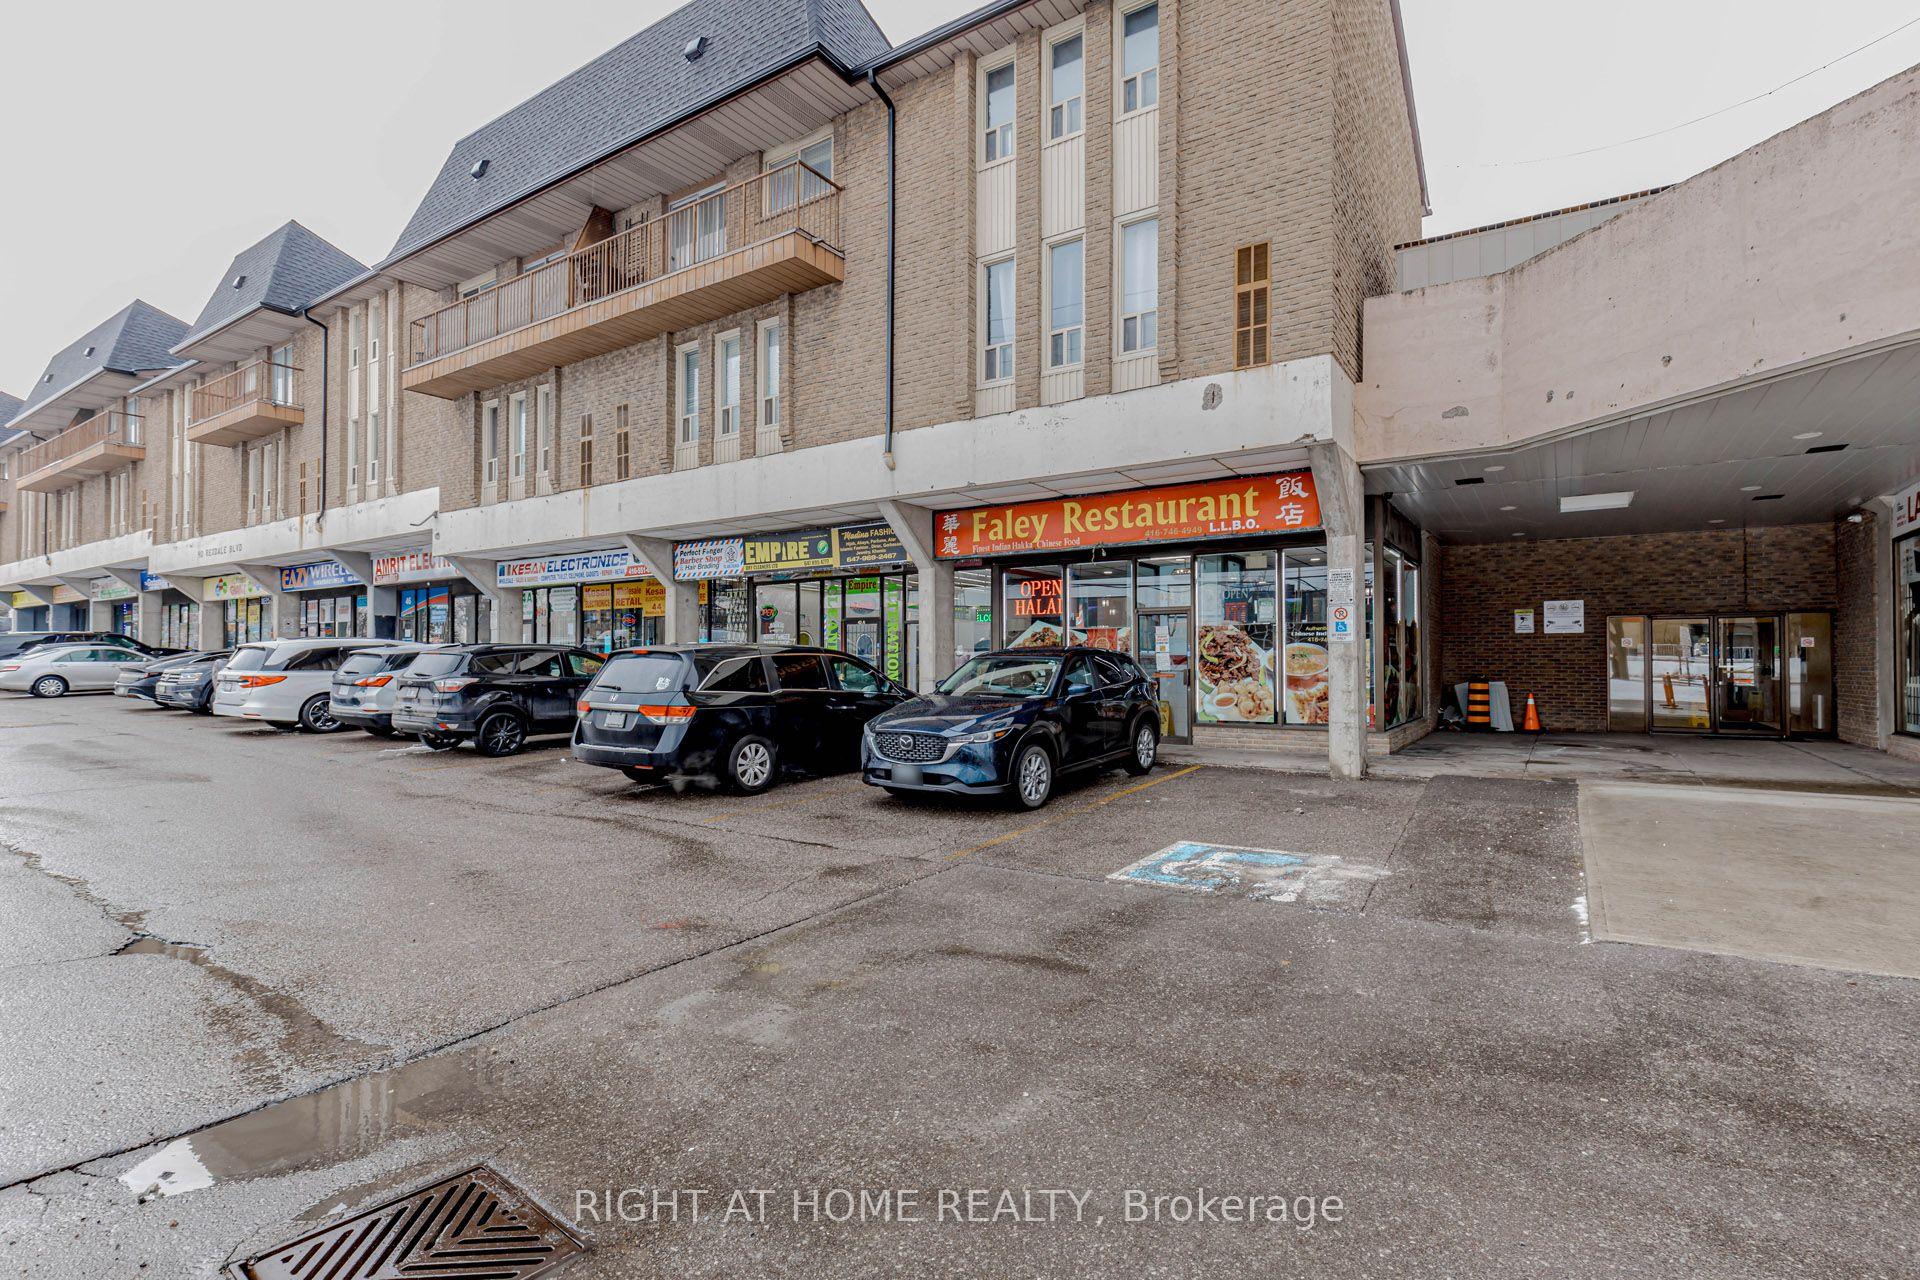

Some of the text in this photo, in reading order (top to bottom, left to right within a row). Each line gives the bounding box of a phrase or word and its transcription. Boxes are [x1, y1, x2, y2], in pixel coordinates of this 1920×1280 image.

[972, 486, 1262, 545] Faley Restaurant
[1209, 518, 1260, 533] L.L.B.O.
[229, 543, 243, 553] BLVD
[1037, 539, 1062, 548] Chinese
[1064, 537, 1080, 546] Food
[680, 549, 701, 557] Perfect
[680, 555, 723, 564] Barber Shop
[745, 541, 810, 564] EMPIRE
[376, 555, 407, 576] AMRIT
[511, 552, 629, 576] KESAN ELECTRONICS
[281, 567, 309, 589] EAZY
[848, 579, 877, 592] Empire
[1020, 579, 1063, 597] OPEN
[615, 597, 642, 607] RETAIL
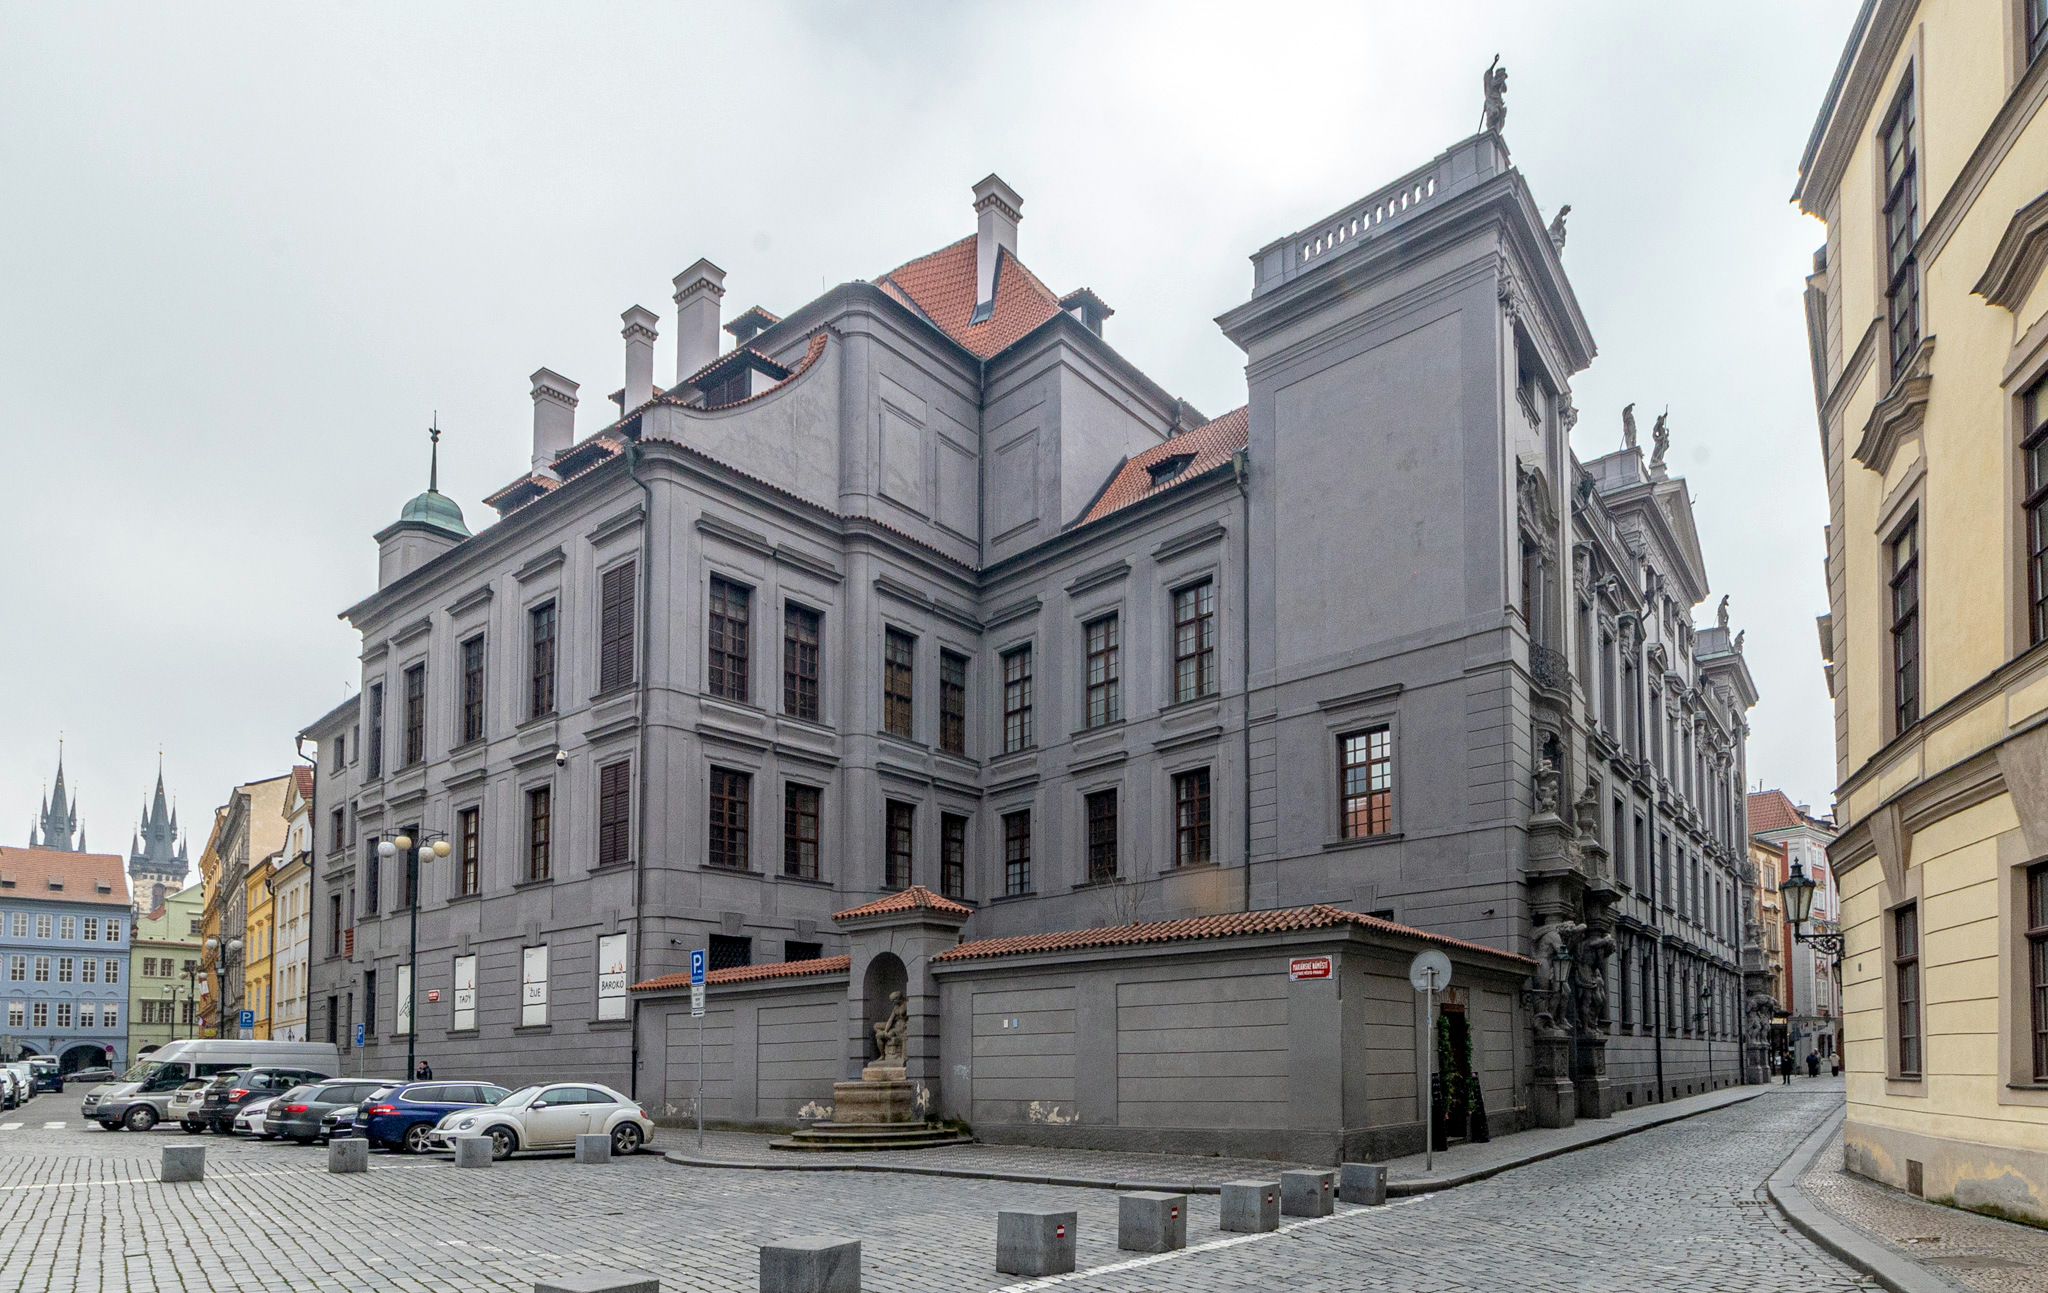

» Problem to solve
Please set down every record exactly as it appears, leaving out the pictures.

» Response to this exercise
Some of the text in this photo, in reading order (top to bottom, left to right within a row). Each line gives the bounding box of a phrase or word and its transcription. Boxes are [x1, y1, x2, y2], in pixel coordinates of this 1920×1280 image.

[972, 486, 1262, 545] Faley Restaurant
[1209, 518, 1260, 533] L.L.B.O.
[229, 543, 243, 553] BLVD
[1037, 539, 1062, 548] Chinese
[1064, 537, 1080, 546] Food
[680, 549, 701, 557] Perfect
[680, 555, 723, 564] Barber Shop
[745, 541, 810, 564] EMPIRE
[376, 555, 407, 576] AMRIT
[511, 552, 629, 576] KESAN ELECTRONICS
[281, 567, 309, 589] EAZY
[848, 579, 877, 592] Empire
[1020, 579, 1063, 597] OPEN
[615, 597, 642, 607] RETAIL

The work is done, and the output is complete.